08/10/16 07:33:45 (pid:7590) IO: Failed to read packet header
08/10/16 07:33:45 (pid:7590) Lost connection to shadow, waiting 7200 secs for reconnect
08/10/16 07:34:46 (pid:7590) CCBListener: registered with CCB server lcggwms02.gridpp.rl.ac.uk:9623 as ccbid 130.246.180.120:9623#526801


08/09/16 20:55:10 (pid:7588) Running job as user nobody
08/09/16 20:55:10 (pid:7588) Create_Process succeeded, pid=7597
08/09/16 23:00:40 (pid:7588) condor_read() failed: recv(fd=10) returned -1, errno = 104 Connection reset by peer, reading 21 bytes from <130.246.180.120:9818>.
08/09/16 23:00:40 (pid:7588) IO: Failed to read packet header
08/09/16 23:00:40 (pid:7588) Lost connection to shadow, waiting 7200 secs for reconnect
08/10/16 07:33:44 (pid:7588) CCBListener: no activity from CCB server in 30814s; assuming connection is dead.
08/10/16 07:33:44 (pid:7588) CCBListener: connection to CCB server lcggwms02.gridpp.rl.ac.uk:9623 failed; will try to reconnect in 60 seconds.
08/10/16 07:33:44 (pid:7588) No reconnect from shadow for 30784 seconds, aborting job execution!
08/10/16 07:33:44 (pid:7588) **** condor_starter (condor_STARTER) pid 7588 EXITING WITH STATUS 2
ID: 4040 · Rating: 0 · rate: Rate + / Rate - Report as offensive     Reply Quote
Profile Laurence
Project administrator
Project developer
Project tester
Avatar

Send message
Joined: 12 Sep 14
Posts: 1064
Credit: 326,570
RAC: 95
Message 4042 - Posted: 10 Aug 2016, 7:36:31 UTC - in response to Message 4040.  

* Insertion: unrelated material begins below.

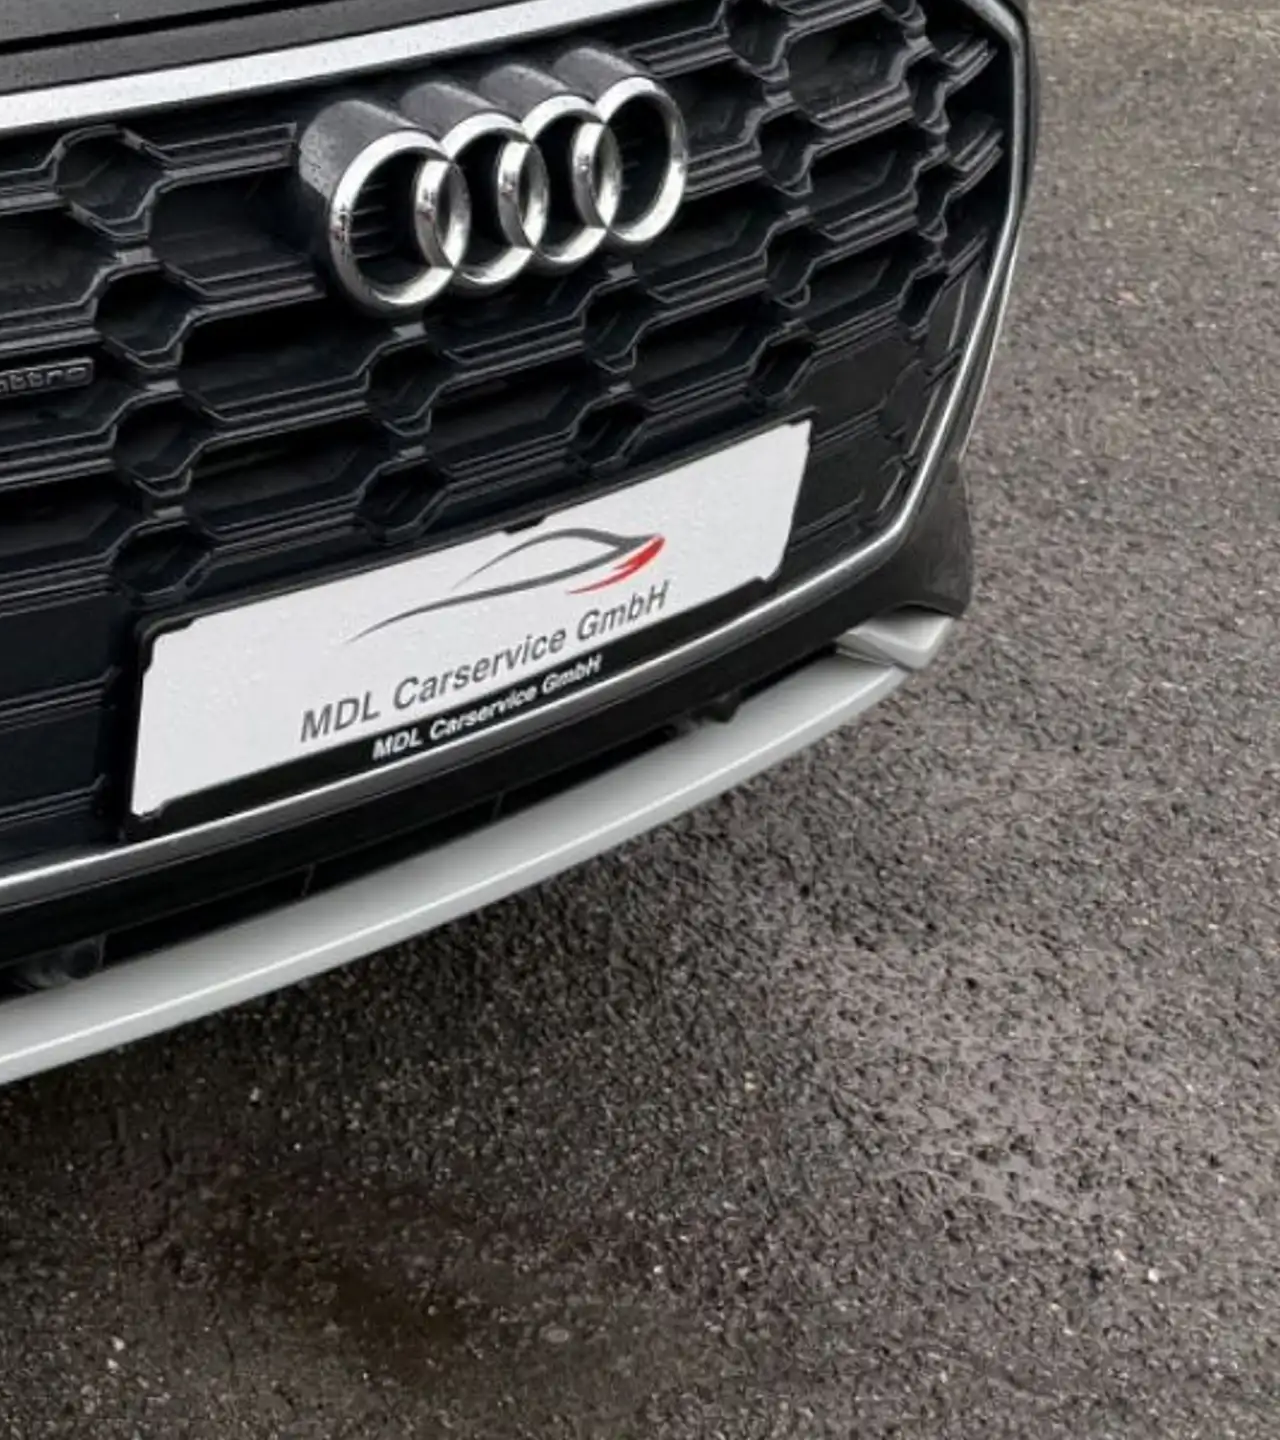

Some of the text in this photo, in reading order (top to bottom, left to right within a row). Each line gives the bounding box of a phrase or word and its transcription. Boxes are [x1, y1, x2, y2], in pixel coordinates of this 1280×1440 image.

[300, 579, 671, 743] MDL Carservice GmbH
[371, 654, 604, 761] MDL Carservice GmbH

08/09/16 23:00:40 (pid:7588) condor_read() failed: recv(fd=10) returned -1, errno = 104 Connection reset by peer, reading 21 bytes from <130.246.180.120:9818>.
08/09/16 23:00:40 (pid:7588) IO: Failed to read packet header
08/09/16 23:00:40 (pid:7588) Lost connection to shadow, waiting 7200 secs for reconnect



It seems strange that we have three log entries at 23:00:40.
ID: 4042 · Rating: 0 · rate: Rate + / Rate - Report as offensive     Reply Quote
Crystal Pellet
Volunteer tester

Send message
Joined: 13 Feb 15
Posts: 1180
Credit: 815,336
RAC: 482
Message 4043 - Posted: 10 Aug 2016, 10:45:13 UTC - in response to Message 4042.  

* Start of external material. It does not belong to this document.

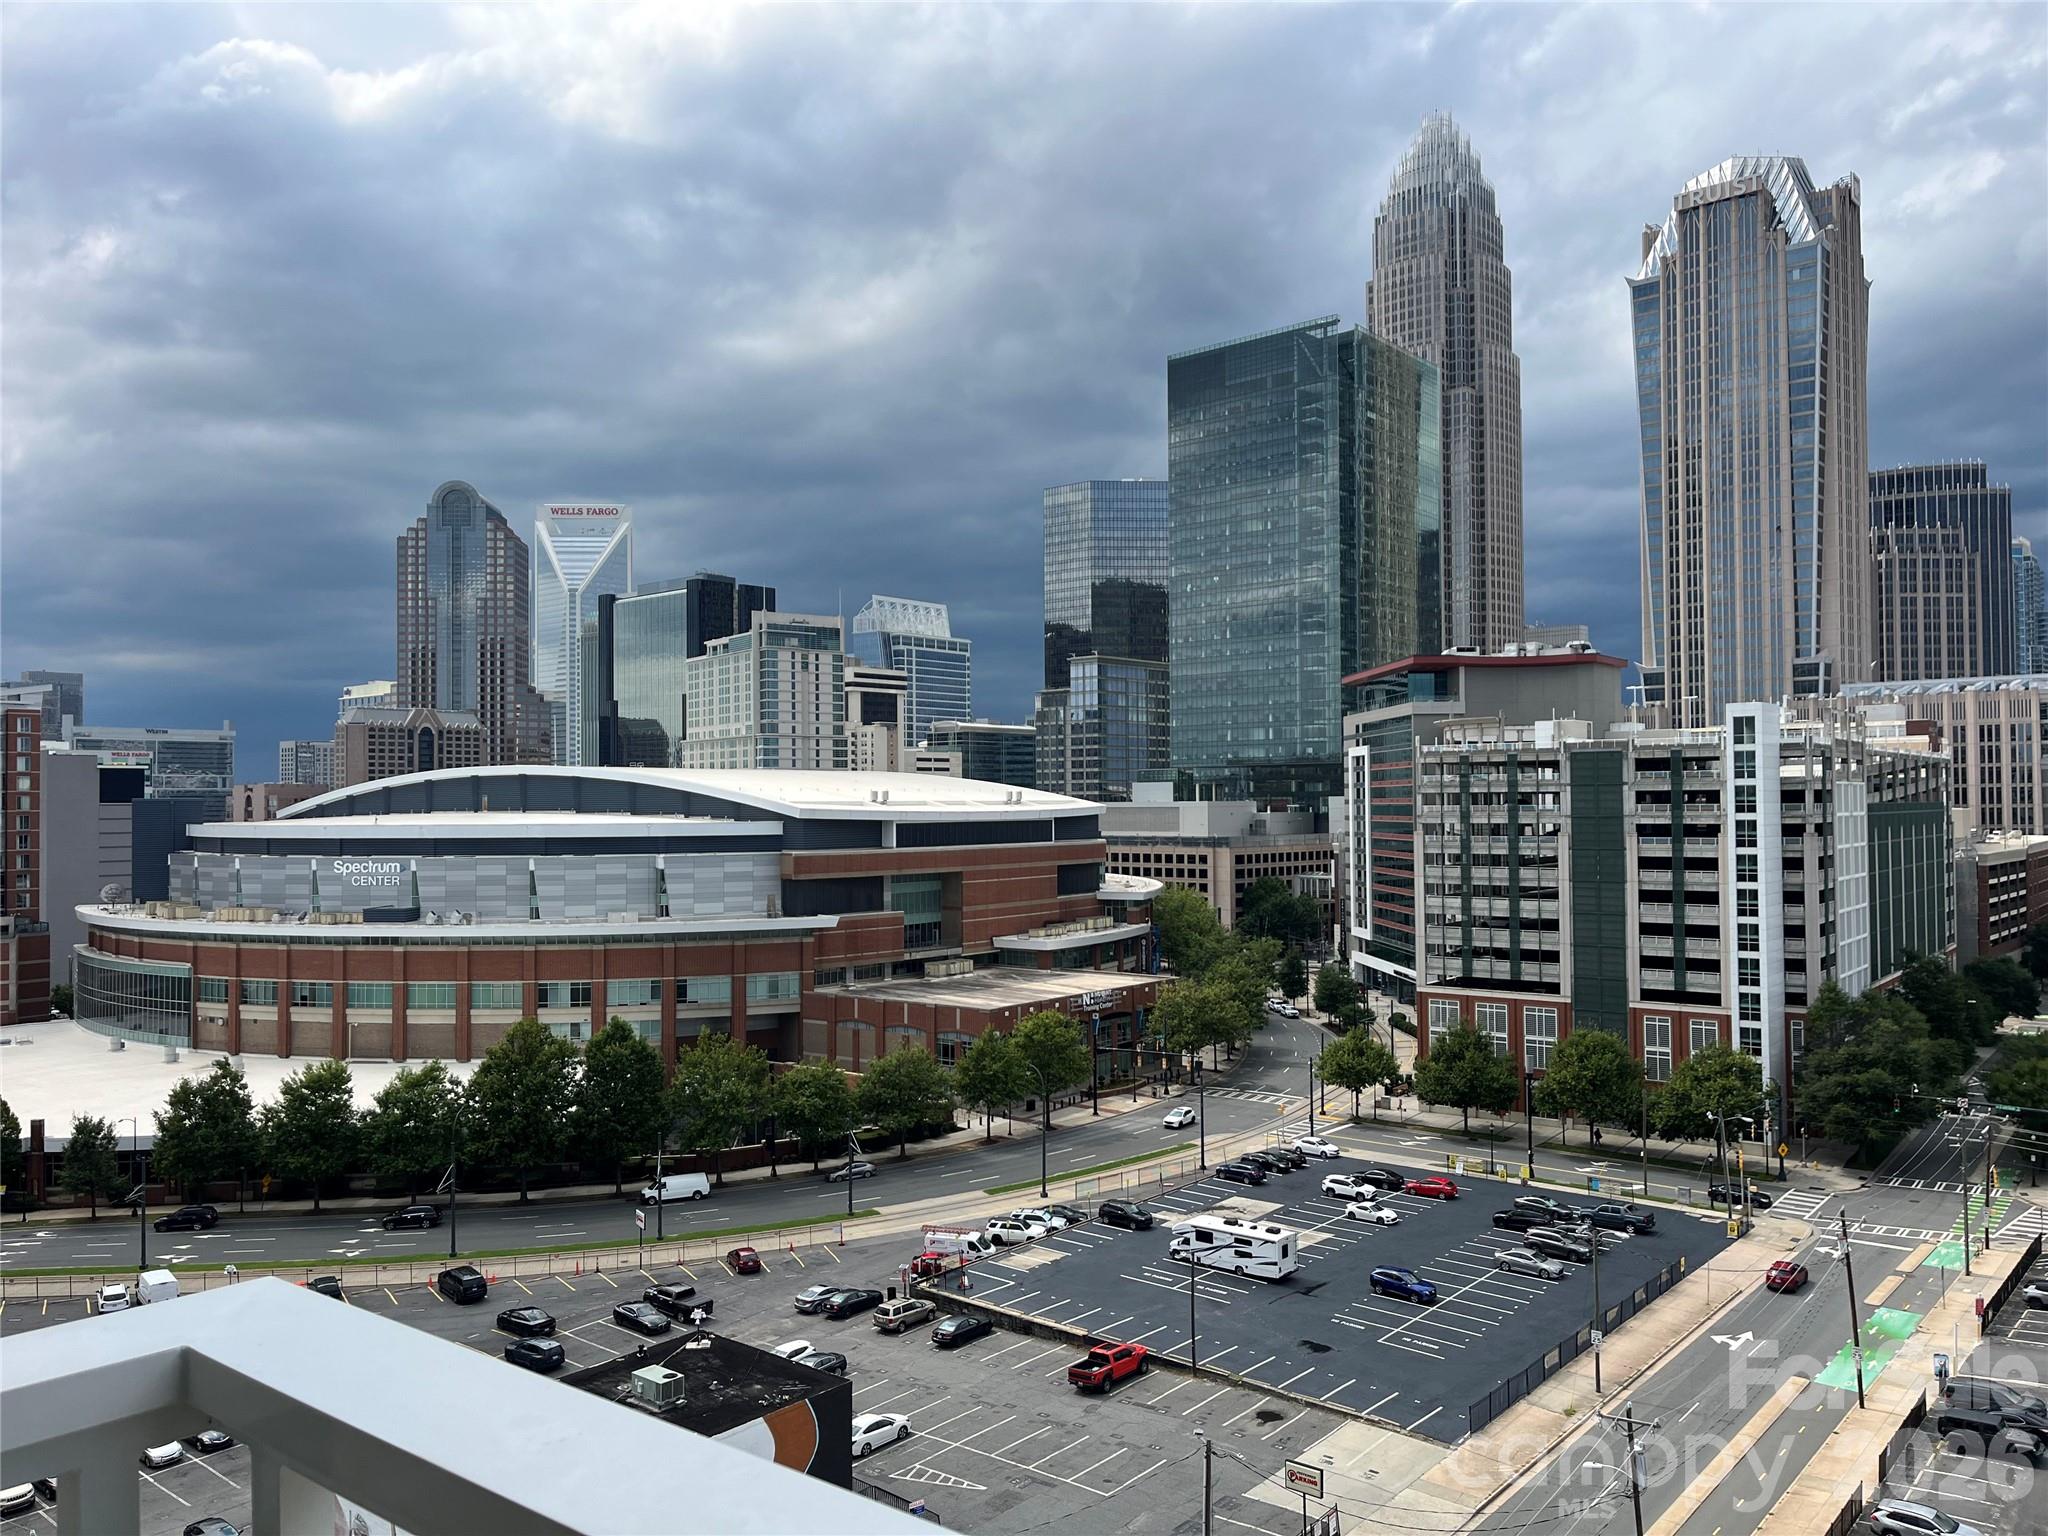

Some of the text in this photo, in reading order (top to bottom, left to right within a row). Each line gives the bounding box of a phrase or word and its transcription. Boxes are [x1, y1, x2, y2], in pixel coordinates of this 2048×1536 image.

[550, 507, 619, 516] WELLS FARGO
[333, 860, 401, 876] Spectrum
[351, 875, 401, 887] CENTER

08/09/16 23:00:40 (pid:7588) condor_read() failed: recv(fd=10) returned -1, errno = 104 Connection reset by peer, reading 21 bytes from <130.246.180.120:9818>.
08/09/16 23:00:40 (pid:7588) IO: Failed to read packet header
08/09/16 23:00:40 (pid:7588) Lost connection to shadow, waiting 7200 secs for reconnect


It seems strange that we have three log entries at 23:00:40.

Not sure about the time stamps, cause the guest clock is during the VM lifetime slowly behind, but on the host I suspended the BOINC-task (LAIM off) at

09-Aug-2016 23:00:29 [vLHCathome-dev] task CMS_23407_1470701574.163651_0 suspended by user

and ended BOINC's client

09-Aug-2016 23:01:02 [---] Exiting

If you like I good repeat the dual CMS test with suspension for a longer period (LAIM off) without taking BOINC down to see whether this is reproducible.
ID: 4043 · Rating: 0 · rate: Rate + / Rate - Report as offensive     Reply Quote
Profile Laurence
Project administrator
Project developer
Project tester
Avatar

Send message
Joined: 12 Sep 14
Posts: 1064
Credit: 326,570
RAC: 95
Message 4046 - Posted: 10 Aug 2016, 11:36:41 UTC - in response to Message 4043.  

If you like I good repeat the dual CMS test with suspension for a longer period (LAIM off) without taking BOINC down to see whether this is reproducible.


No, for now I am mainly concern with this working with single core VMs. These kind of errors do need chasing up but when the bigger problems have been addressed.
ID: 4046 · Rating: 0 · rate: Rate + / Rate - Report as offensive     Reply Quote
Crystal Pellet
Volunteer tester

Send message
Joined: 13 Feb 15
Posts: 1180
Credit: 815,336
RAC: 482
Message 4051 - Posted: 11 Aug 2016, 7:44:23 UTC - in response to Message 4046.  

... for now I am mainly concern with this working with single core VMs.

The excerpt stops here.